Item 2.02Results of Operations and Financial Condition
The information set forth under Item 7.01 of this Current Report on Form 8-K is incorporated herein by reference.
Item 7.01Regulation FD Disclosure
Pacific Drilling S.A. (the “Company”) has elected not to make the approximately $31.4 million interest payment (the “First Lien Interest Payment”) due and payable on October 1, 2020 with respect to its 8.375% First Lien Notes due 2023 (the “First Lien Notes”) and the approximately $19.6 million PIK interest payment (the “Second Lien PIK Interest Payment” and, together with the First Lien Interest Payment, the “Interest Payments”) due and payable on October 1, 2020 with respect to its 11.0%/12.0% Second Lien PIK Notes due 2024 (the “Second Lien PIK Notes” and, together with the First Lien Notes, the “Notes”).
Under the indentures governing the Notes, the Company has a 30-day grace period to make the Interest Payments before such non-payment constitutes an “event of default” with respect to the Notes. The Company’s election to use the grace period did not trigger a cross-default under any of the Company’s debt obligations as the Company has obtained any necessary waiver or consent. The Company has elected to use the 30-day grace period, which expires on October 31, 2020, to continue its discussions with certain of its creditors regarding the terms of a potential consensual comprehensive restructuring of its indebtedness, which may be under the protection of Chapter 11 of the U.S. Bankruptcy Code. No agreement has yet been reached, and the Company cannot provide any assurance whether, or when, the Company will reach an agreement with such creditors or as to the terms of any such agreement. As of September 30, 2020, the Company had approximately $218 million of cash and cash equivalents and $6 million of restricted cash.
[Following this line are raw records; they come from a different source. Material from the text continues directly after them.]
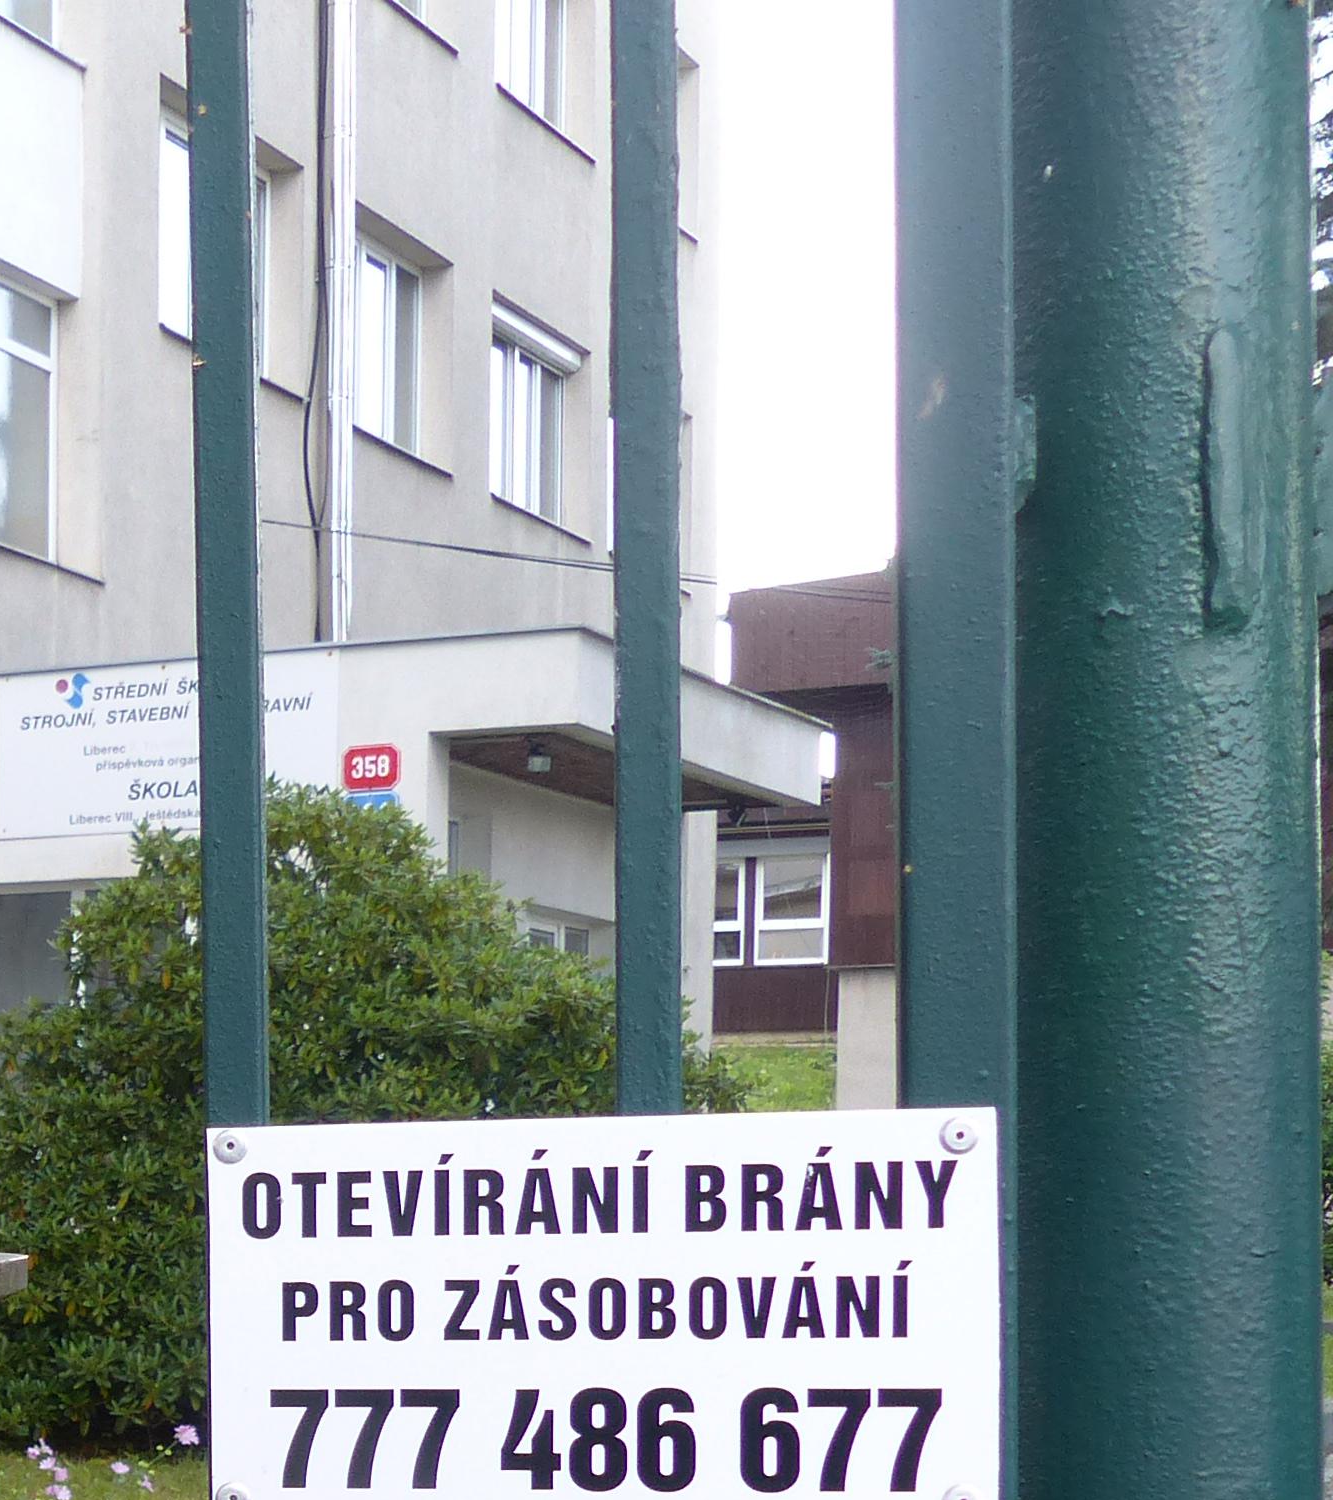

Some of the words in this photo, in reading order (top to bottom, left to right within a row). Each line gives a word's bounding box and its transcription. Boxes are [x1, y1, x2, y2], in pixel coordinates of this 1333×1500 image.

[93, 679, 169, 701] STŘEDNÍ
[21, 709, 96, 730] STROJNÍ,
[106, 702, 190, 724] STAVEBNÍ
[261, 692, 313, 713] RAVNÍ
[83, 745, 125, 756] Liberec
[351, 755, 390, 779] 358
[128, 779, 198, 800] ŠKOLA
[70, 813, 112, 825] Liberec
[243, 1149, 653, 1239] OTEVÍRÁNÍ
[684, 1145, 958, 1234] BRÁNY
[283, 1280, 414, 1341] PRO
[444, 1261, 912, 1340] ZÁSOBOVÁNÍ
[271, 1389, 460, 1489] 777
[501, 1388, 696, 1492] 486
[740, 1388, 942, 1493] 677
The information contained in Items 2.02 and 7.01 of this Current Report on Form 8-K shall not be deemed to be “filed” for the purposes of Section 18 of the Securities Exchange Act of 1934 or otherwise subject to the liabilities of that Section, and unless the Company specifically incorporates the information by reference in a filing, such information shall not be deemed incorporated by reference in any filing under the Securities Act of 1933 or the Securities Exchange Act of 1934, regardless of any general incorporation language in such a filing.
Forward-Looking Statements
Certain statements and information contained in this Current Report on Form 8-K constitute “forward-looking statements” within the meaning of the safe harbor provisions of the Private Securities Litigation Reform Act of 1995, and are generally identifiable by their use of words such as “anticipate,” “believe,” “could,” “estimate,” “expect,” “forecast,” “intend,” “our ability to,” “may,” “plan,” “potential,” “predict,” “project,” “projected,” “should,” “will,” “would”, or other similar words which are not generally historical in nature. The forward-looking statements speak only as of the date such statements are made, and the Company undertakes no obligation to publicly update or revise any forward-looking statements after the date they are made, whether as a result of new information, future events or otherwise.
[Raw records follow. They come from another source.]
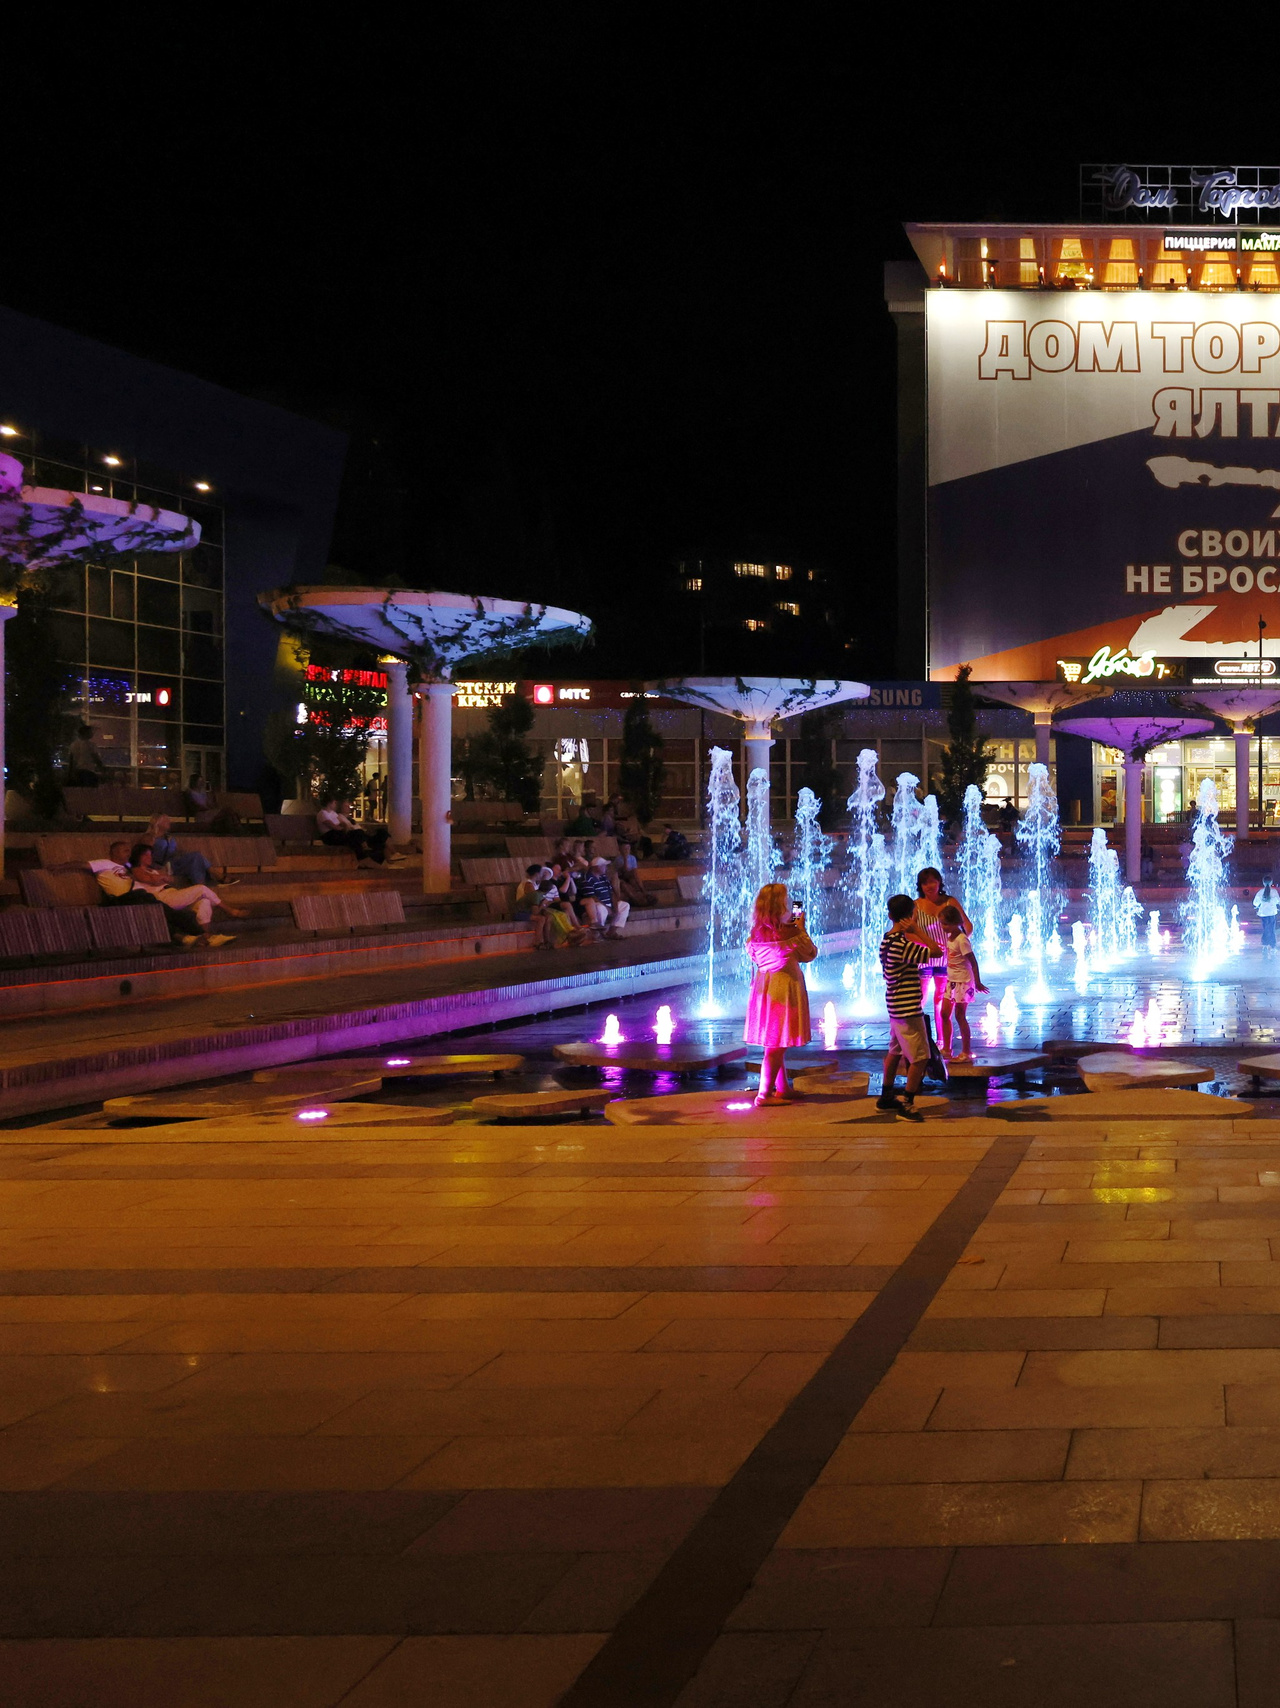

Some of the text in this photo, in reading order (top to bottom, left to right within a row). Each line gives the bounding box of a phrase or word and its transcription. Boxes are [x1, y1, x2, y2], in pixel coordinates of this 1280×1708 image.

[1165, 236, 1236, 251] ПИЦЦЕРИЯ
[977, 320, 1141, 380] ДОМ
[1126, 565, 1172, 593] НЕ
[453, 681, 516, 694] ЕТСКИЙ
[457, 695, 503, 706] КРЫМ
The Company’s forward-looking statements express the Company’s current expectations or forecasts of possible future results or events, including the Company’s ability to negotiate a consensual comprehensive restructuring transaction with certain of its creditors; the future impact of the COVID-19 pandemic on the Company’s business, future financial and operational performance and cash balances; the Company’s future liquidity position and future efforts to improve its liquidity position; revenue efficiency levels; market outlook; forecasts of trends; future client contract opportunities; future contract dayrates; the Company’s business strategies and plans or objectives of management; estimated duration of client contracts; backlog; expected capital expenditures; projected costs and savings; expectations regarding the Company’s two subsidiaries’ application to appeal the arbitration award against them related to the drillship known as the Pacific Zonda in favor of Samsung Heavy Industries Co. Ltd. (“SHI”), the outcome of such subsidiaries’ ongoing bankruptcy proceedings and the potential impact of the appeal tribunal’s decision on the Company’s future operations, financial position, result of operations and liquidity.